** Opening Information supplied block **
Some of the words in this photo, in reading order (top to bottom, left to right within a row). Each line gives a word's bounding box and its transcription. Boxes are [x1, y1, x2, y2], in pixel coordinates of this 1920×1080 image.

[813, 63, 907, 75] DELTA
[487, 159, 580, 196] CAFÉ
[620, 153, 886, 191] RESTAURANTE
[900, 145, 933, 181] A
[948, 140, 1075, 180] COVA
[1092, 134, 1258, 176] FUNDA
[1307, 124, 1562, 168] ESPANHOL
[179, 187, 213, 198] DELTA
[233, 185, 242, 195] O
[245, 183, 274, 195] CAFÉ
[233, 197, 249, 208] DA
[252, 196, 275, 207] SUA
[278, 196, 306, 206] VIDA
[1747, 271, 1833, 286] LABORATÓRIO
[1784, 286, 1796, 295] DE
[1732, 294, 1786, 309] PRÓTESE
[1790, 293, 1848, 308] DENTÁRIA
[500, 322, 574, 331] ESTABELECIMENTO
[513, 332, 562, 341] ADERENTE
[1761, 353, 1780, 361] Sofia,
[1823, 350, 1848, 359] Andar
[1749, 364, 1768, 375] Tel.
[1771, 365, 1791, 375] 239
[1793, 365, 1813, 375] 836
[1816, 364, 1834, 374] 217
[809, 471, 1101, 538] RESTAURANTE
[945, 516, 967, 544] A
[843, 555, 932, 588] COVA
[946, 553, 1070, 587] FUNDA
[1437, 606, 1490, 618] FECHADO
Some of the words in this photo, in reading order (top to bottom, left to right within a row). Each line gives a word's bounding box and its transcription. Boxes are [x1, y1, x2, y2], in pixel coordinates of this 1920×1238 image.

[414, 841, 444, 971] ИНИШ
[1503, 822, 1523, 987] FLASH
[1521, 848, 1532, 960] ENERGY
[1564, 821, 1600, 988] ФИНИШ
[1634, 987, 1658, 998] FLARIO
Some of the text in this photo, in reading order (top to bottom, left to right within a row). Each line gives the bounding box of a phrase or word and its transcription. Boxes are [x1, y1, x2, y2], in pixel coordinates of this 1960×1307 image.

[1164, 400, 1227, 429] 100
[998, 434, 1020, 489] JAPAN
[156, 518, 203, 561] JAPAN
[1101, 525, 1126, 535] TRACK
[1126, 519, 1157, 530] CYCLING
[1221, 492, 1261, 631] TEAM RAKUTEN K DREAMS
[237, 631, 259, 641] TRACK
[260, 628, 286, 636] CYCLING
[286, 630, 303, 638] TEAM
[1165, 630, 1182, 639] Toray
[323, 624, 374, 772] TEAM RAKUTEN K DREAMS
** Closing Information supplied block **
Exercise:
Each line of the data should be given back exactly.

Result:
Some of the words in this photo, in reading order (top to bottom, left to right within a row). Each line gives a word's bounding box and its transcription. Boxes are [x1, y1, x2, y2], in pixel coordinates of this 1920×1080 image.

[813, 63, 907, 75] DELTA
[487, 159, 580, 196] CAFÉ
[620, 153, 886, 191] RESTAURANTE
[900, 145, 933, 181] A
[948, 140, 1075, 180] COVA
[1092, 134, 1258, 176] FUNDA
[1307, 124, 1562, 168] ESPANHOL
[179, 187, 213, 198] DELTA
[233, 185, 242, 195] O
[245, 183, 274, 195] CAFÉ
[233, 197, 249, 208] DA
[252, 196, 275, 207] SUA
[278, 196, 306, 206] VIDA
[1747, 271, 1833, 286] LABORATÓRIO
[1784, 286, 1796, 295] DE
[1732, 294, 1786, 309] PRÓTESE
[1790, 293, 1848, 308] DENTÁRIA
[500, 322, 574, 331] ESTABELECIMENTO
[513, 332, 562, 341] ADERENTE
[1761, 353, 1780, 361] Sofia,
[1823, 350, 1848, 359] Andar
[1749, 364, 1768, 375] Tel.
[1771, 365, 1791, 375] 239
[1793, 365, 1813, 375] 836
[1816, 364, 1834, 374] 217
[809, 471, 1101, 538] RESTAURANTE
[945, 516, 967, 544] A
[843, 555, 932, 588] COVA
[946, 553, 1070, 587] FUNDA
[1437, 606, 1490, 618] FECHADO
Some of the words in this photo, in reading order (top to bottom, left to right within a row). Each line gives a word's bounding box and its transcription. Boxes are [x1, y1, x2, y2], in pixel coordinates of this 1920×1238 image.

[414, 841, 444, 971] ИНИШ
[1503, 822, 1523, 987] FLASH
[1521, 848, 1532, 960] ENERGY
[1564, 821, 1600, 988] ФИНИШ
[1634, 987, 1658, 998] FLARIO
Some of the text in this photo, in reading order (top to bottom, left to right within a row). Each line gives the bounding box of a phrase or word and its transcription. Boxes are [x1, y1, x2, y2], in pixel coordinates of this 1960×1307 image.

[1164, 400, 1227, 429] 100
[998, 434, 1020, 489] JAPAN
[156, 518, 203, 561] JAPAN
[1101, 525, 1126, 535] TRACK
[1126, 519, 1157, 530] CYCLING
[1221, 492, 1261, 631] TEAM RAKUTEN K DREAMS
[237, 631, 259, 641] TRACK
[260, 628, 286, 636] CYCLING
[286, 630, 303, 638] TEAM
[1165, 630, 1182, 639] Toray
[323, 624, 374, 772] TEAM RAKUTEN K DREAMS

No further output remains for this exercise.